There's some *Pollack* I like, but most I don't. With him it mostly just hinges on the colors he uses for a particular work. When he's using a 'darker' palette I don't 'like' it. When it's more minimalistic with 'happy' colors I do. In fact, there are imitation-Pollack works I like better than the originals they are paying homage to.

But it's nice that you like Pollack enough to hang one in your home. I'm guessing it resonates with you on a more visceral level.

*"Well, Well, Well"* OTOH, incorporates some primal scream therapy in the middle. Very personal, but it's still screaming. Stylistically it's pretty much garage emo rock until he starts letting it his inner pain about 2 minutes in.






Lennon incorporated primal screaming in a few of his songs: He did it with *Cold Turkey* in 1969, and again in 1970 with *Mother*.


----------



## Coach G (Apr 22, 2020)

pianozach said:


> There's some *Pollack* I like, but most I don't. With him it mostly just hinges on the colors he uses for a particular work. When he's using a 'darker' palette I don't 'like' it. When it's more minimalistic with 'happy' colors I do. In fact, there are imitation-Pollack works I like better than the originals they are paying homage to.
> 
> But it's nice that you like Pollack enough to hang one in your home. I'm guessing it resonates with you on a more visceral level.
> 
> ...


John Lennon and Yoko One went in for Primal Therapy with Dr. Arthur Janov which gained some momentum during the 1970s and in California, where people are more inclined to go in for stuff like that, and encounter groups, transcendental meditation, and the Hare Krishnas were picking up steam around the same time, too; and isn't Scientology also based in California? So Janov hit it big for a while trying to find the Holy Grail of all-encompassing psychotherapy that had perplexed psychologists from Freud and Jung on down the line to the likes of Carl Rogers and Albert Ellis. Though Lennon's term of therapy with Janov was short, it did impact some songs you mentioned, and Yoko One had already been screaming, shrieking, and moaning in her music too, so that might have influenced Lennon as well. I read that before Yoko One met John Lennon she had been among a group of artists who associated themselves with John Cage.


----------



## EdwardBast (Nov 25, 2013)

From the perspective of a music student educated in the late 20thc I would say that the significance of serial composition both historically and aesthetically was comically exaggerated for decades. As an undergrad I signed up for a composition course that required a preliminary interview with the professor/composer. When I was told the first assignment (write a short 12-tone work observing the "non-repetition myth" and avoiding any sequences of tones with tonal or triadic implications) I said "I have no interest in doing that and won't be taking the course." I was verbally abused as I stood and left the man's office.


----------



## Mandryka (Feb 22, 2013)

Prodromides said:


> Matthias Pintscher?


Anything particular in mind?


----------



## Kilgore Trout (Feb 26, 2014)

Mandryka said:


> IMO "New Complexity" is almost as old fashioned as Total Serialism. New Simplicity is where it's at, man. And structured improvisations.

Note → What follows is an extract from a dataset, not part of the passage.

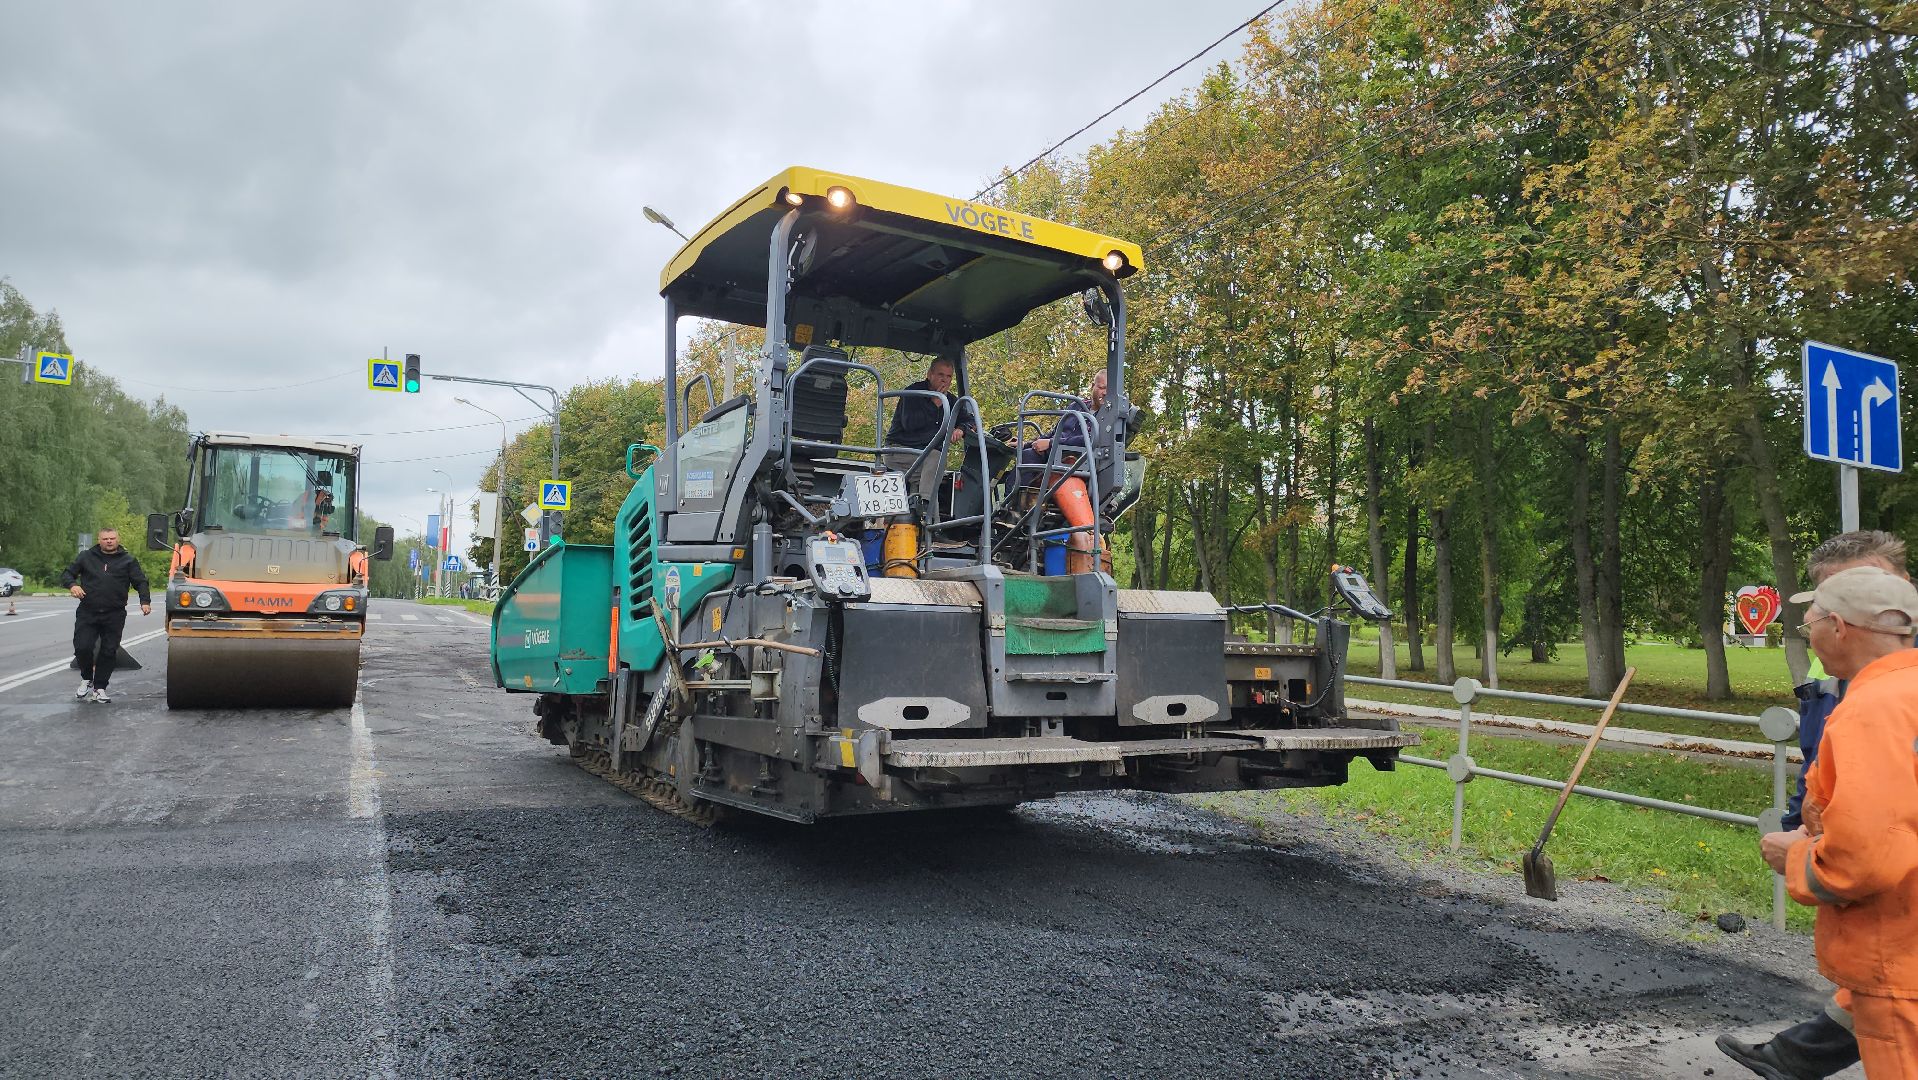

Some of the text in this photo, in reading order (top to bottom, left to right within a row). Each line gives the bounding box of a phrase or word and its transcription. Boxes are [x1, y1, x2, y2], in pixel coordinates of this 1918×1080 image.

New simplicity is 30 years old, and begun in the same years as new complexity...


----------



## Fabulin (Jun 10, 2019)

EdwardBast said:


> As an undergrad I signed up for a composition course that required a preliminary interview with the professor/composer. When I was told the first assignment (write a short 12-tone work observing the "non-repetition myth" and avoiding any sequences of tones with tonal or triadic implications) I said "I have no interest in doing that and won't be taking the course." I was verbally abused as I stood and left the man's office.


Sorry to hear that. Stories of such attitudes are exactly the reason why I have never even considered going to a conservatoire.


----------



## Mandryka (Feb 22, 2013)

Kilgore Trout said:


> New simplicity is 30 years old, and begun in the same years as new complexity...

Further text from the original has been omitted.